On November 28, 2017, the American Petroleum Institute will publish its weekly crude oil inventory report. On November 29, 2017, the U.S. Energy Information Administration will release its crude oil inventory report. OPEC’s meeting will be held on November 30, 2017. On December 1, 2017, Baker Hughes will release its US oil rig count data.
All of these events could drive oil (UWT) (USL) prices this week. US (DTO) (OIL) and Brent (BNO) oil are near a three-year high. Higher oil prices benefit energy producers (XES) (PXI) like Marathon Oil (MRO), Occidental Petroleum (OXY), PDC Energy (PDCE), and Sanchez Energy (SN).

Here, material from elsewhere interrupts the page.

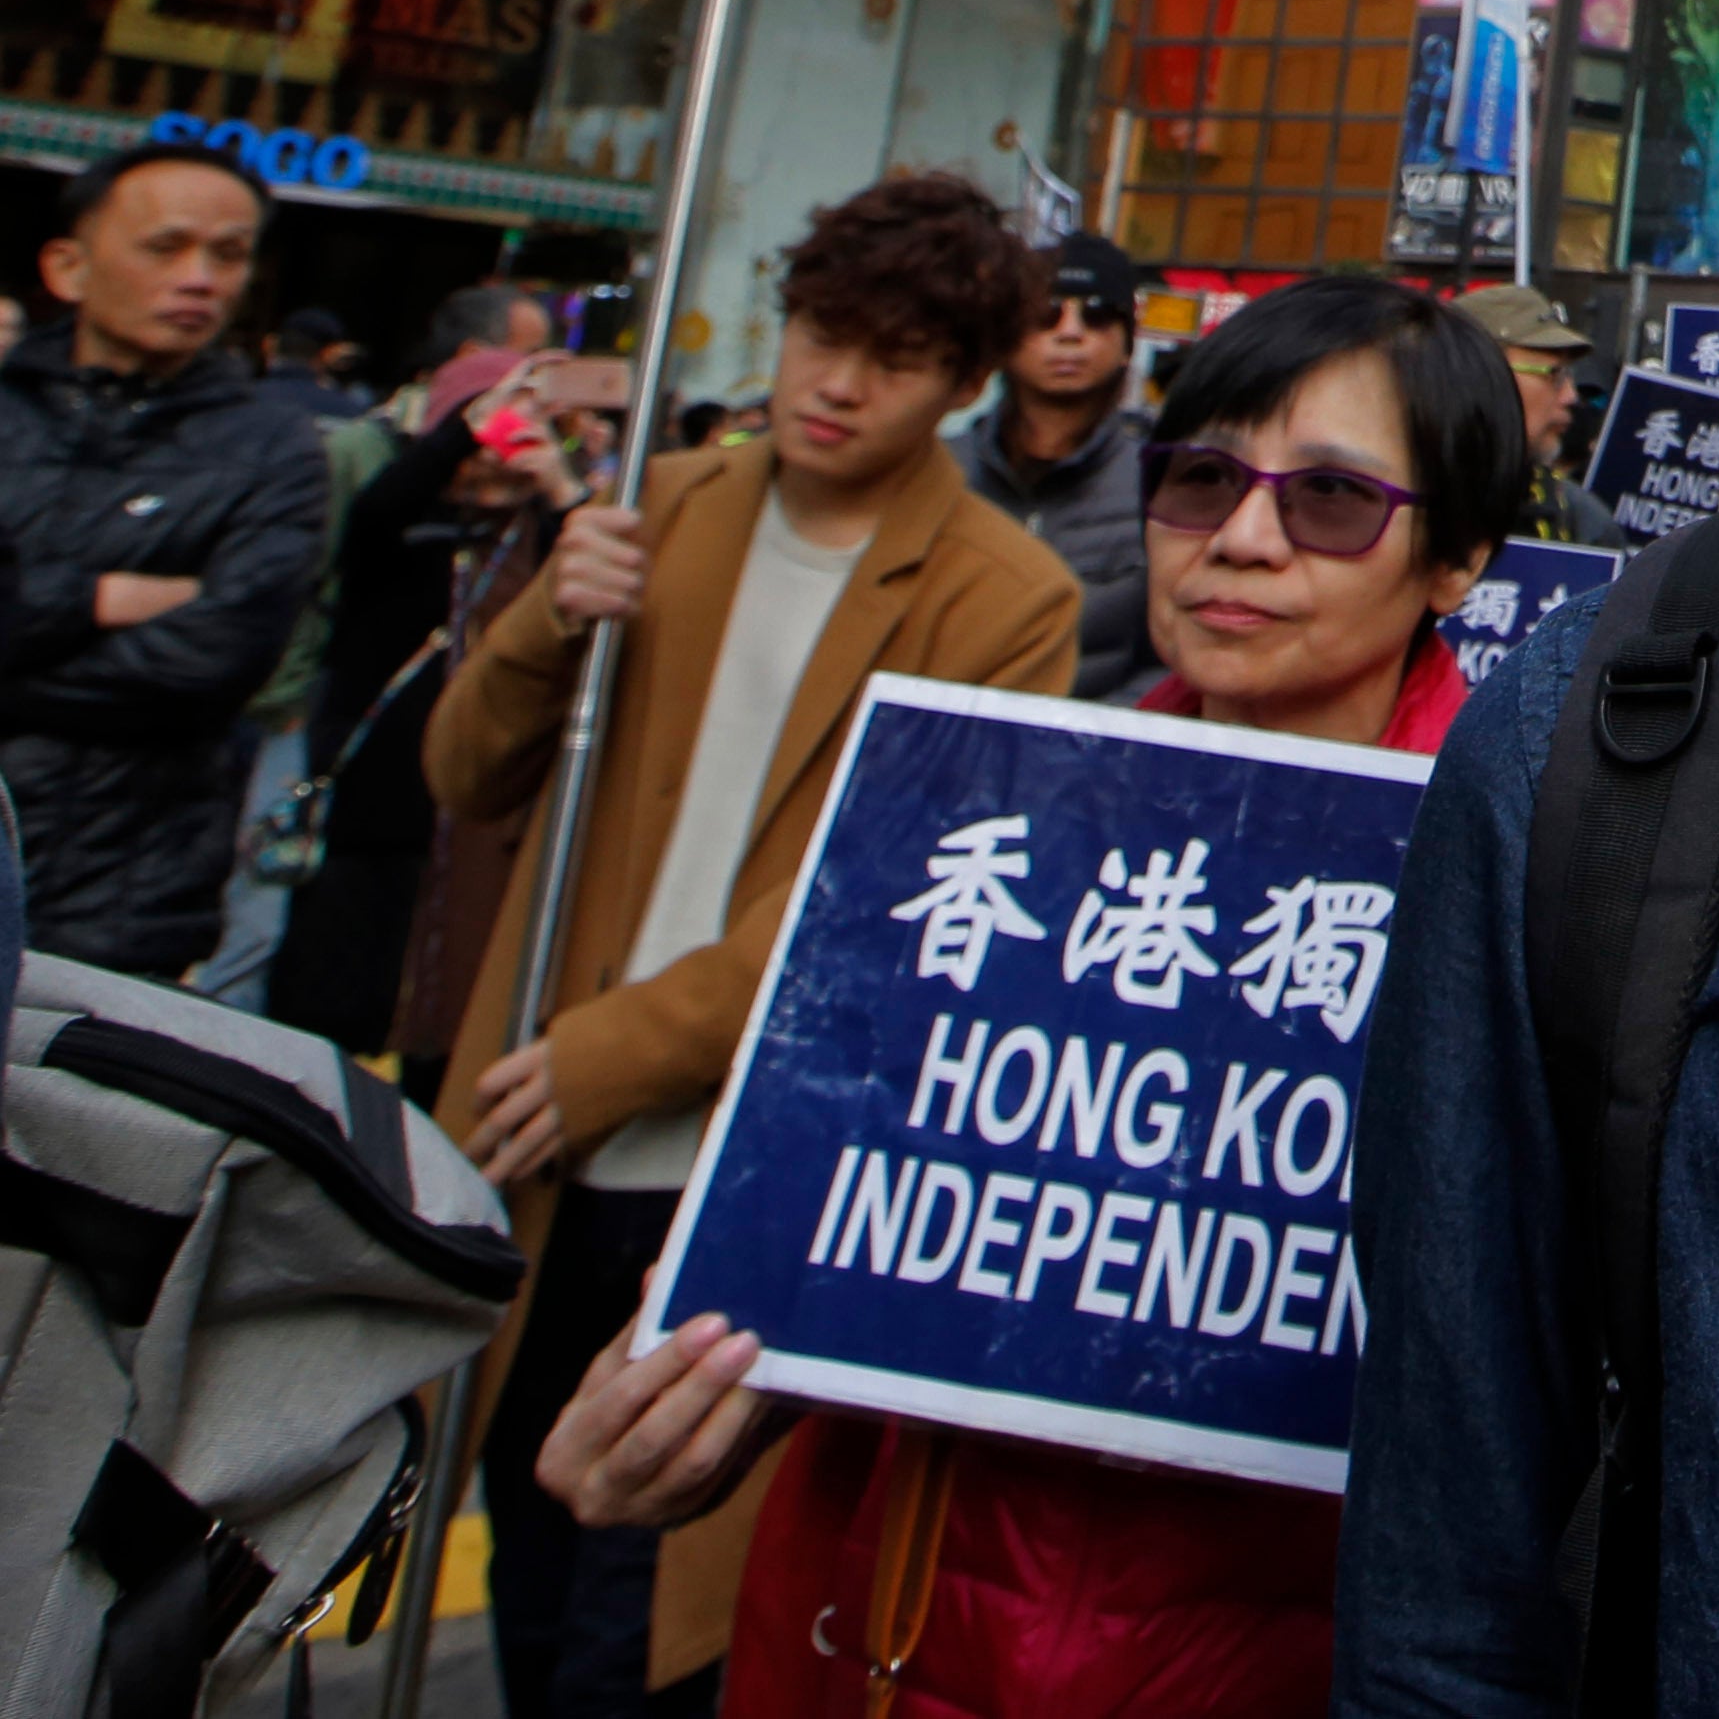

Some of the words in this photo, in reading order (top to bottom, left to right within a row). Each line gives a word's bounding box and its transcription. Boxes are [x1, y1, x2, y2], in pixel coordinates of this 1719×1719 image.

Bullish crude oil price drivers
US crude oil (DWT) (UCO) futures hit $58.95 per barrel on November 24, 2017—the highest level in nearly three years. Oil prices rose due to OPEC’s production cuts, the fall in OECD crude oil inventories, and the supply outage in Libya, Iraq, Nigeria, and Venezuela.
Any fall in US oil inventories and positive announcements related to ongoing productions cuts could benefit oil prices. For more updates on OPEC’s meeting, read Part 2 of this series.
Bearish crude oil price drivers
Crude oil volatility index
The CBOE Crude Oil Volatility Index (OVX) rose 0.19% to 26.88 on November 24, 2017—a three-week low. The low volatility index suggests that traders are expecting fewer sharp moves in oil prices. OVX was at 51 on November 29, 2016, before OPEC’s meeting in November 2016. Oil prices rose 9.3% after the meeting.
January US crude oil futures are above their 100-day, 50-day, and 20-day moving averages on November 24, 2017. It suggests that crude oil futures could trade higher.